Segment Start: Records for the exercise

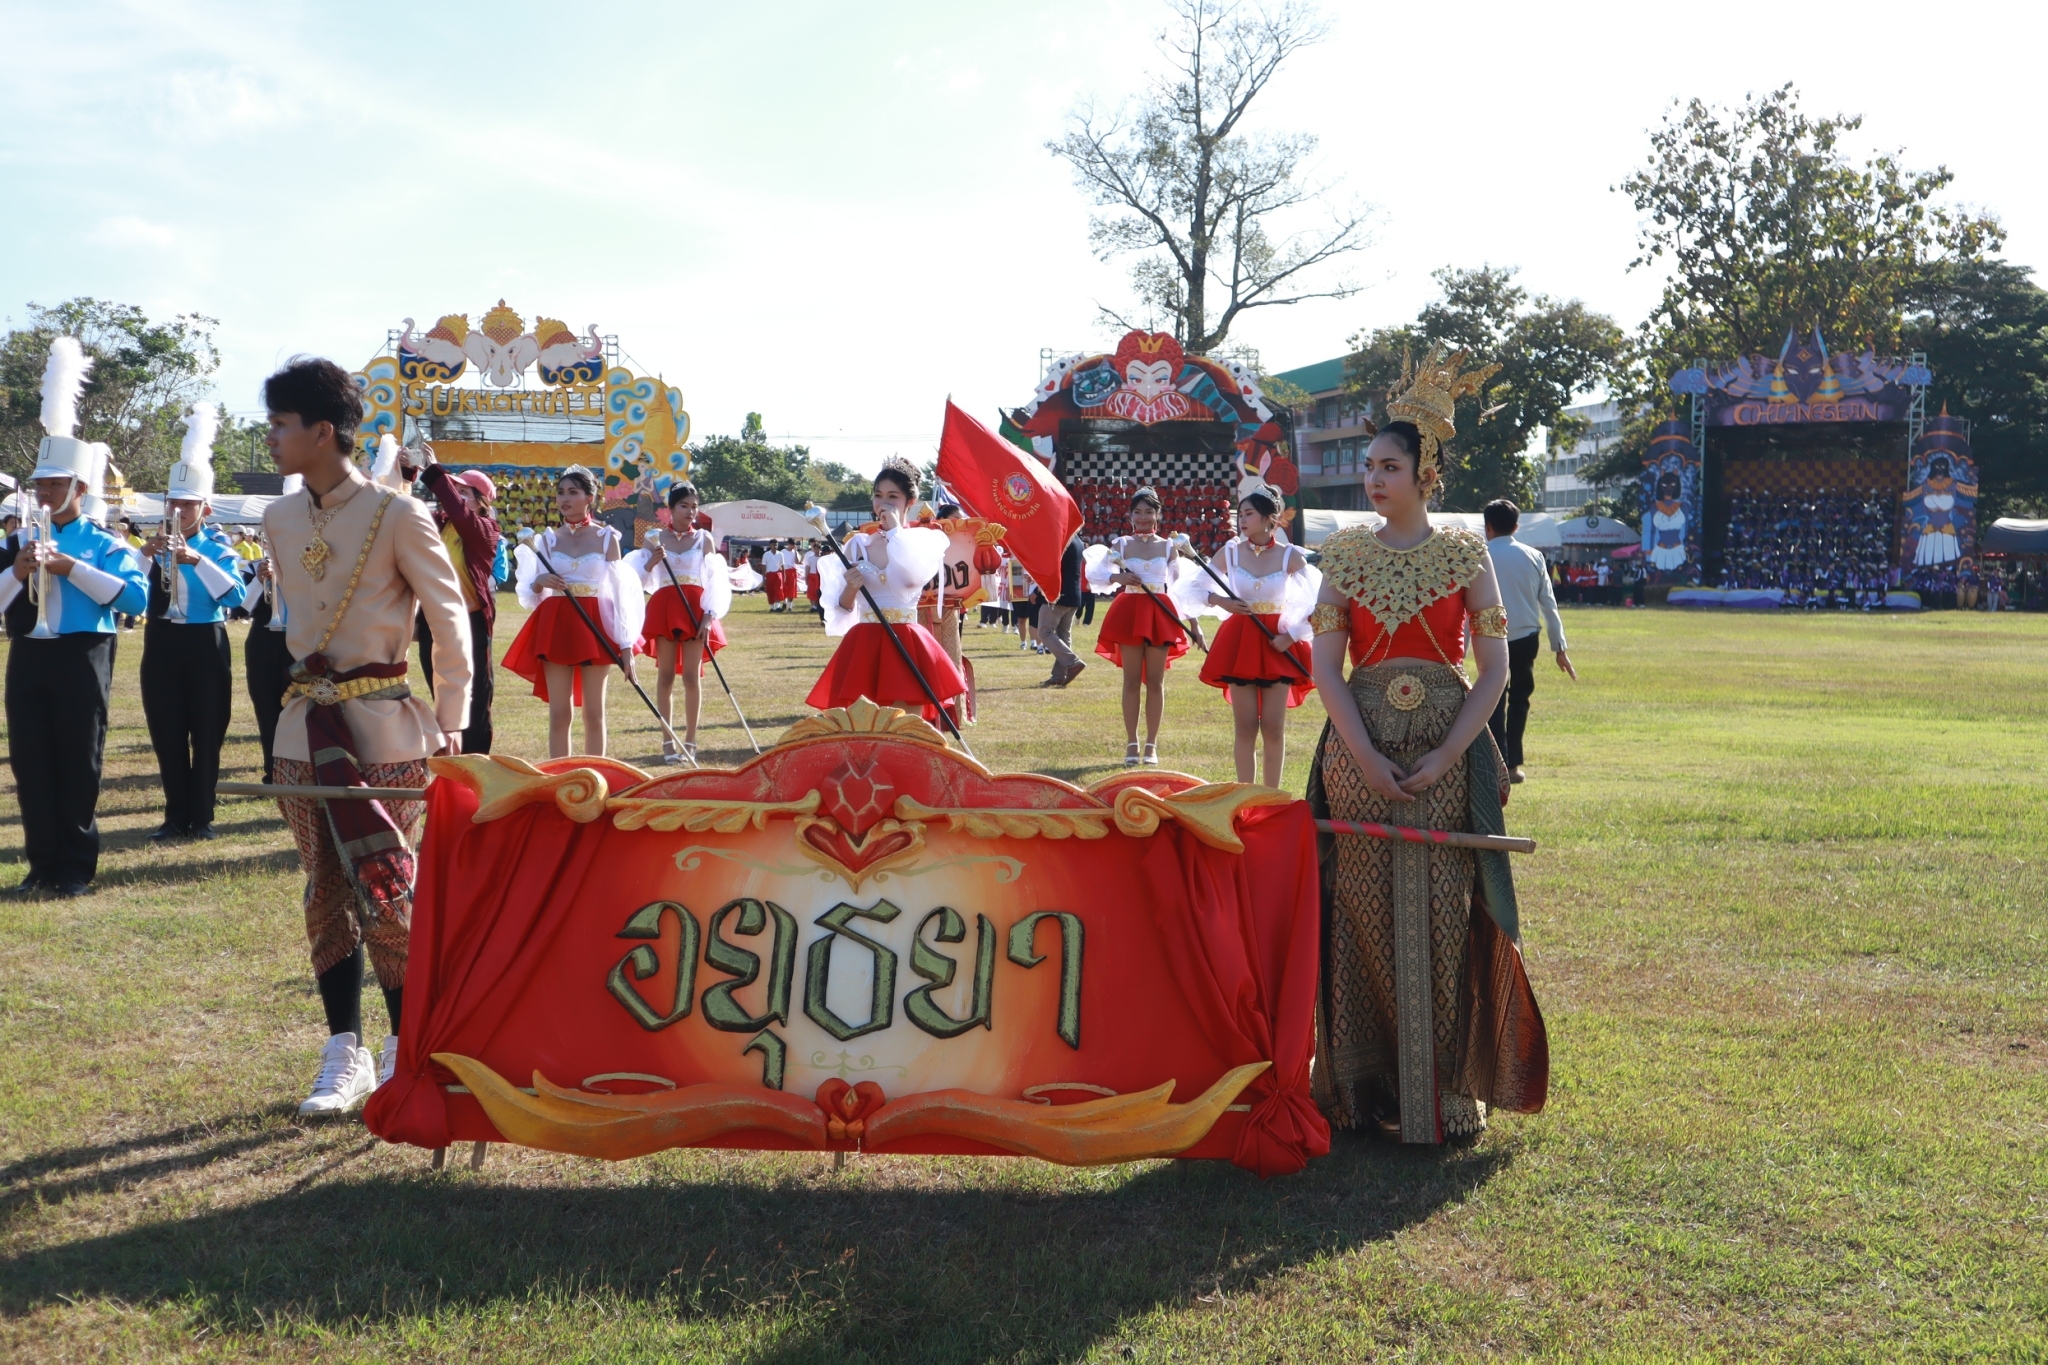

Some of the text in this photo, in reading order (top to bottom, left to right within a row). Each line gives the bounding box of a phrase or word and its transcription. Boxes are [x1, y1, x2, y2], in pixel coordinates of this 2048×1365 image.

[404, 382, 602, 417] SUKHOTHAI
[1734, 402, 1878, 426] CHIANGSEAN
[606, 896, 1085, 1090] อยุธยา
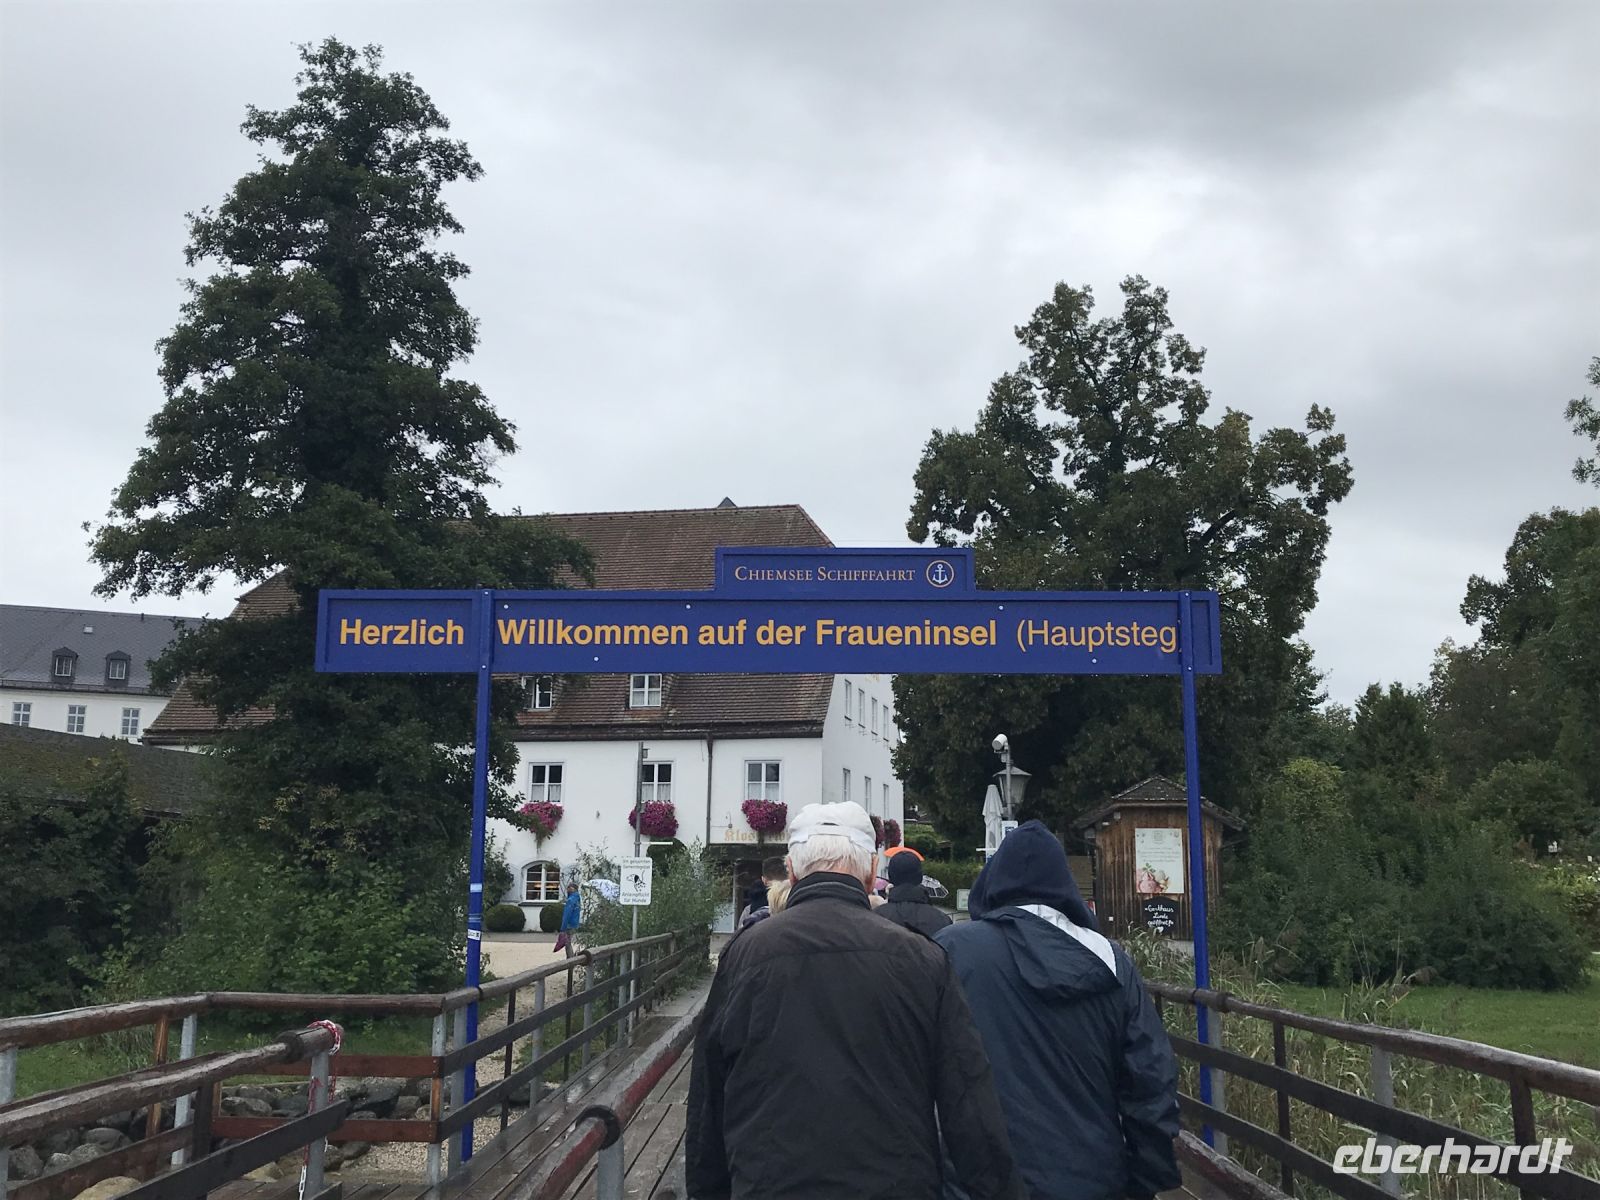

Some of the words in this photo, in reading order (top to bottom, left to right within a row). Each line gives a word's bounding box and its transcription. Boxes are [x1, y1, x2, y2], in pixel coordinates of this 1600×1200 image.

Segment End: Records for the exercise

> _What is being asked_
Without the pictures, copy out each entry exactly as it stands.

> _Result_
Some of the text in this photo, in reading order (top to bottom, left to right within a row). Each line gives the bounding box of a phrase or word and its transcription. Boxes are [x1, y1, x2, y2], in pixel coordinates of this 2048×1365 image.

[404, 382, 602, 417] SUKHOTHAI
[1734, 402, 1878, 426] CHIANGSEAN
[606, 896, 1085, 1090] อยุธยา

Some of the words in this photo, in reading order (top to bottom, left to right within a row). Each line gives a word's bounding box and its transcription. Boxes are [x1, y1, x2, y2], in pixel coordinates of this 1600×1200 image.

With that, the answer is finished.